The Welsh Assembly’s committee for Culture, Welsh Language and Communications recently announced an inquiry into non-public funding of the arts in Wales, and most of the public reactions seemed to be focussing on the age-old idea that the political classes in Wales have been forever searching for ways to pull the rug from under the creative industries, these grey suits in dark towers scratching away at their expenses forms by candlelight, plotting to destroy the careers of every poet who ever bellowed “Fuck da Man” at an open mic. The reality, however, is that the committee is one of the few bodies in Wales openly appearing to prepare for the day coming when public funding for the arts in Wales is over.
The most likely version of the future is that no amount of creative thinking or corporate partnerships will save the funding of the arts in Wales, but artists will continue to create, just as nothing will save Britain after Brexit, but Britain itself will continue to exist. I was recently introduced to the creative ecomony of India, a country with almost no public funding of art. Almost all art – theatre in particular – is created and curated by people with relatively substantial personal wealth. What the Indian government does fund is traditional conservative art forms, normally in enormous purpose-built quasi-Soviet halls such as the NCPA in Mumbai. So perhaps the Wales Millennium Centre might survive, but good luck to the rest of you.

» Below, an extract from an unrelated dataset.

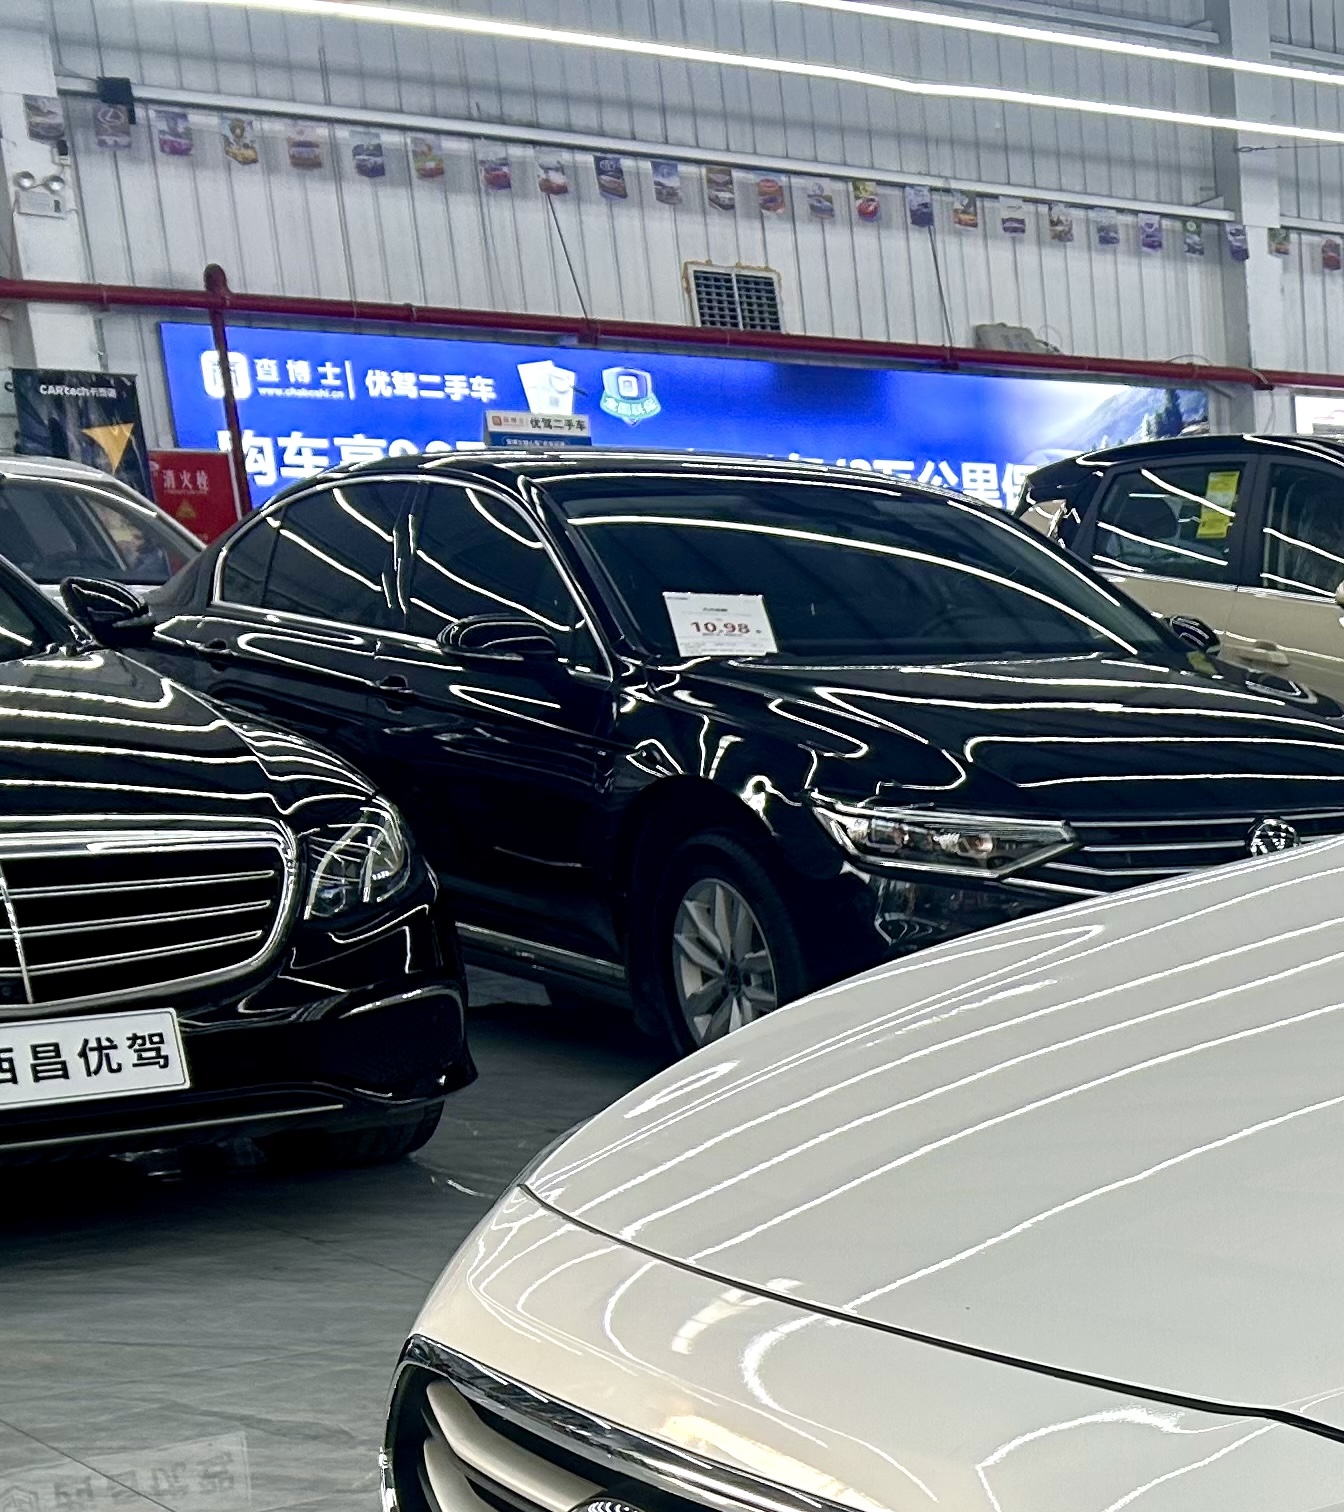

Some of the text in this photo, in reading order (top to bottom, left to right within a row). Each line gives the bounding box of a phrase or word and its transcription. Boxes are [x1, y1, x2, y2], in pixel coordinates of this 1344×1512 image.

Wales does not boast enough private patrons to plug the gap, as happens in India, and organisations invariably fight hard to attract dribbles of corporate interest. There seem to be no other ideas floating around at the moment. I’m waiting for somebody to suggest asking Tata for help.
The arts in Wales, without public funding, would be nothing less than obliterated. Funding bodies, venues, production companies, publishers, galleries, and museums, all gone without the core funding they receive from a Welsh government heavily subsidised by various EU initiatives. This is the most likely set of circumstances in the aftermath of the UK leaving the EU in 2019.
Of course, nothing is impossible, but what simply must happen is this conversation needs to be happening out in the public space, and not whispered behind wrists at drinks receptions. What happens to the arts in Wales after Brexit should be the number one debate happening in the creative industries in Wales right now, and it should be lively, candid and in the open. I for one would like to continue living and working in a country where brilliant people are bursting with brilliant work. But the clock is ticking.
Gary Raymond is a novelist, poet, critic, and editor of Wales Arts Review.